When looking at credit management, the question is whether AI is the solution to an existing problem and if so, whether it is the best solution. Suppose a customer receives a reminder and cannot pay in full at once. You can include a link in that reminder so the customer can arrange a payment plan online. That link can lead to an AI chatbot or a form on a webpage. Let’s examine the differences in steps of the offered solution.

Option 1: AI Chatbot
The following is a hypothetical but realistic scenario for setting up a payment plan via an AI chatbot.

  1. The customer clicks on the link.
  2. A webpage with a chatbot opens.
  3. Chatbot: How can I help you?
  4. Customer: I would like to pay in installments.
  5. Chatbot: What is the reason you can’t pay?
  6. Customer: I have unexpected expenses.
  7. Chatbot: Do you have more debts?
  8. Customer: Yes.
  9. Chatbot: …

This conversation can continue for a while. The goal seems almost to get the customer to provide a lot of information instead of quickly setting up a payment plan.

Option 2: Web Form
With a web form, it works differently. You might see the following steps.

  1. The customer clicks on the link.
  2. A portal (webpage) opens with an overview of the invoices and several response options, such as setting up a payment plan.
  3. The customer selects the payment plan option and enters what they can pay per month.
  4. The portal assesses whether the payment amount falls within acceptable limits and provides one of the following responses:
    1. The payment plan is approved, and you will receive a confirmation by email.
    2. Your request has been received and is being reviewed. You will hear from us shortly.

The above takes less time for the customer, increasing the chances of success. With this option, an employee only needs to look at the real exceptions. You automate a large part of the tasks and make it easier for the debtor.

The assessment of the requested payment plan in the example is done based on a simple algorithm. This includes the following parameters:

  • Has the customer had a payment plan before and was it adhered to?
  • What is the number of installments?
  • Is the first installment paid within an acceptable period?

The parameters for which the algorithm approves something can vary by type of debtor and organization. We do not call this AI, though it can use historical information in the assessment.

Similarly, a system can determine the most appropriate action within the collection process based on location, age, historical payment behavior, and more. Or you can use it to determine the right form of communication we wrote about earlier. AI can also play a role here, for example, in drafting texts and responses to make the process more adaptive.

A payment plan has a limited number of parameters, and therefore we think a web form is more suitable than an AI chatbot. That was also the response of people we interviewed for this purpose. For more complex processes, it can be a solution. For example, Klarna successfully uses AI for customer service chats.
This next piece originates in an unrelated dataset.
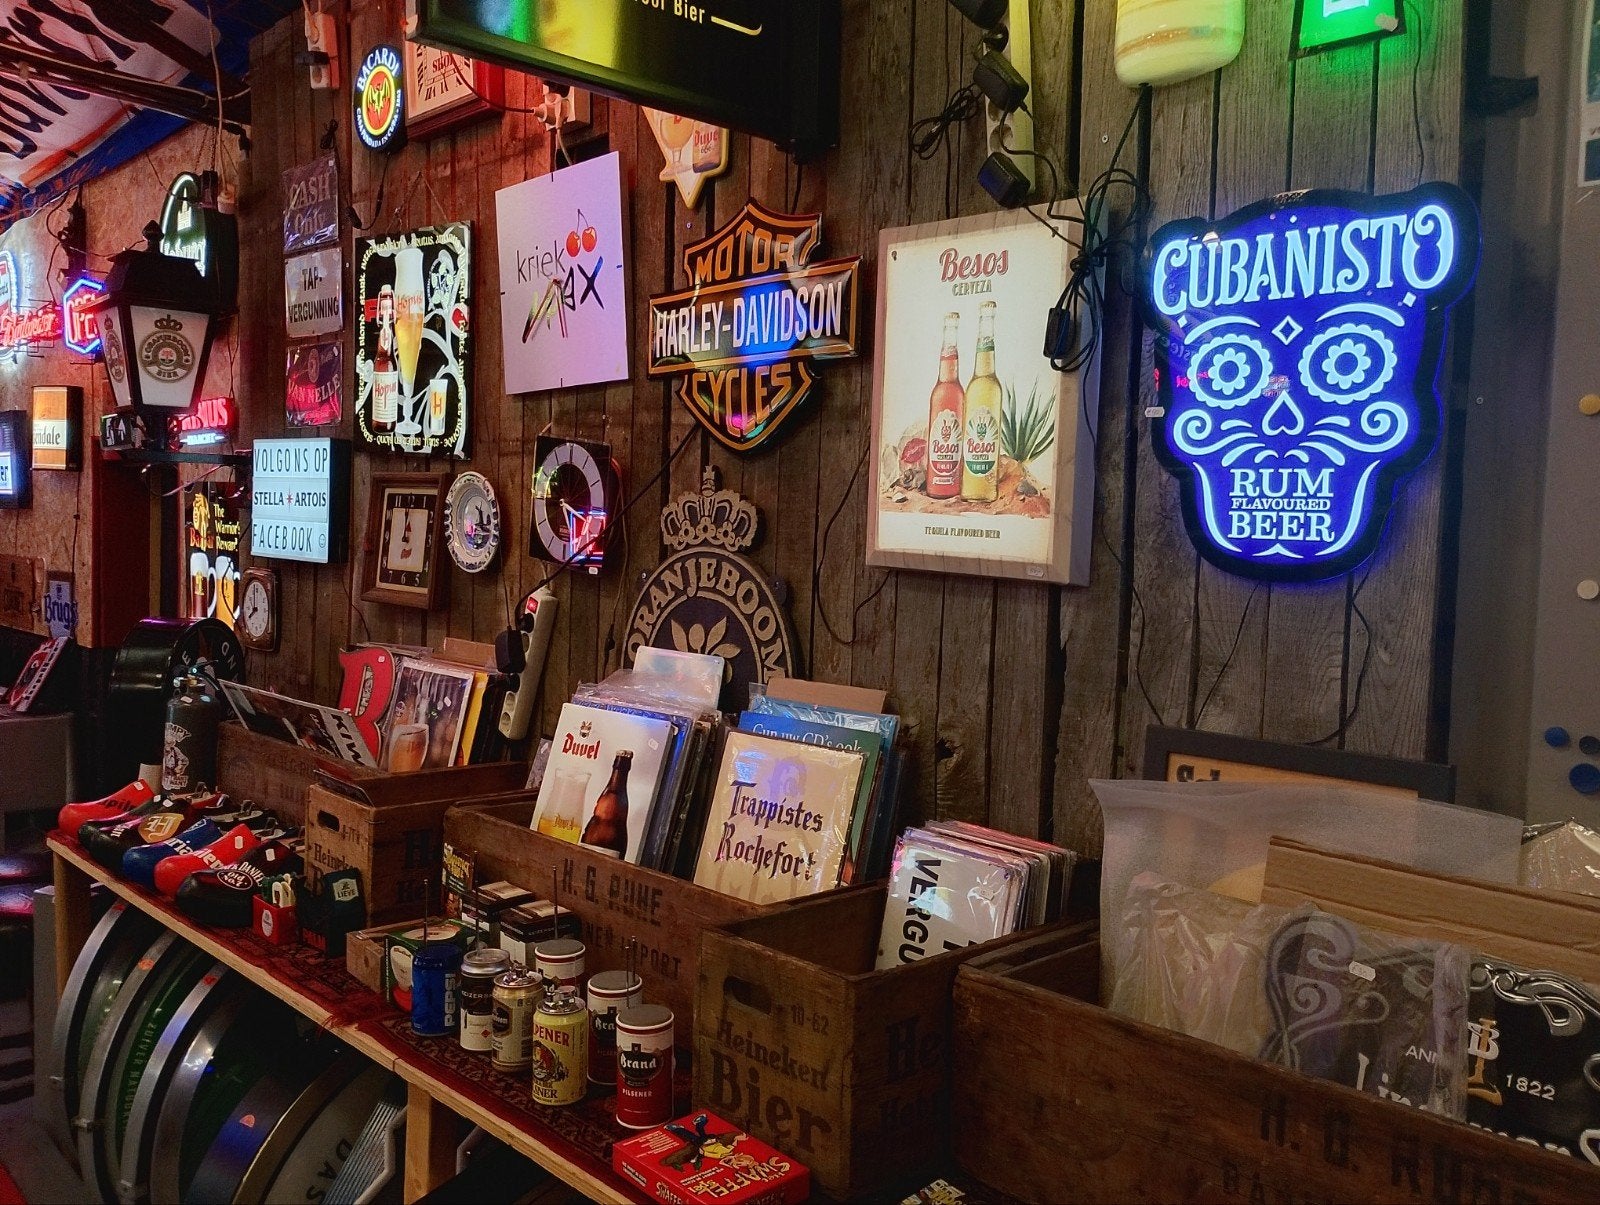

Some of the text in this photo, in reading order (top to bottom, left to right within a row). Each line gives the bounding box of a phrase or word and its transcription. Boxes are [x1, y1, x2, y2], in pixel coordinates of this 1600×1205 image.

Besides Klarna, there are many other examples where AI is promising. For instance, in cancer screening, as you can read in this article.

Another area where AI already means a lot is programming. It is difficult for people to remember the details of a large number of programming languages and frameworks. For AI, that is not a problem. With the right instructions, it quickly delivers code, saving time. A programmer then checks the delivered code, and perhaps modifies it, and processes it further.

AI offers opportunities, but it is not the answer to everything, and not everything sold as AI is AI. And customizing and training open-source models is not feasible for most organizations. For now, we therefore conclude that AI in credit management for the vast majority of companies is a hype. Focus on simple algorithms that allow you to make relatively large strides quickly.

p.s. In a year, our conclusion may be completely different, as developments are moving at a rapid pace.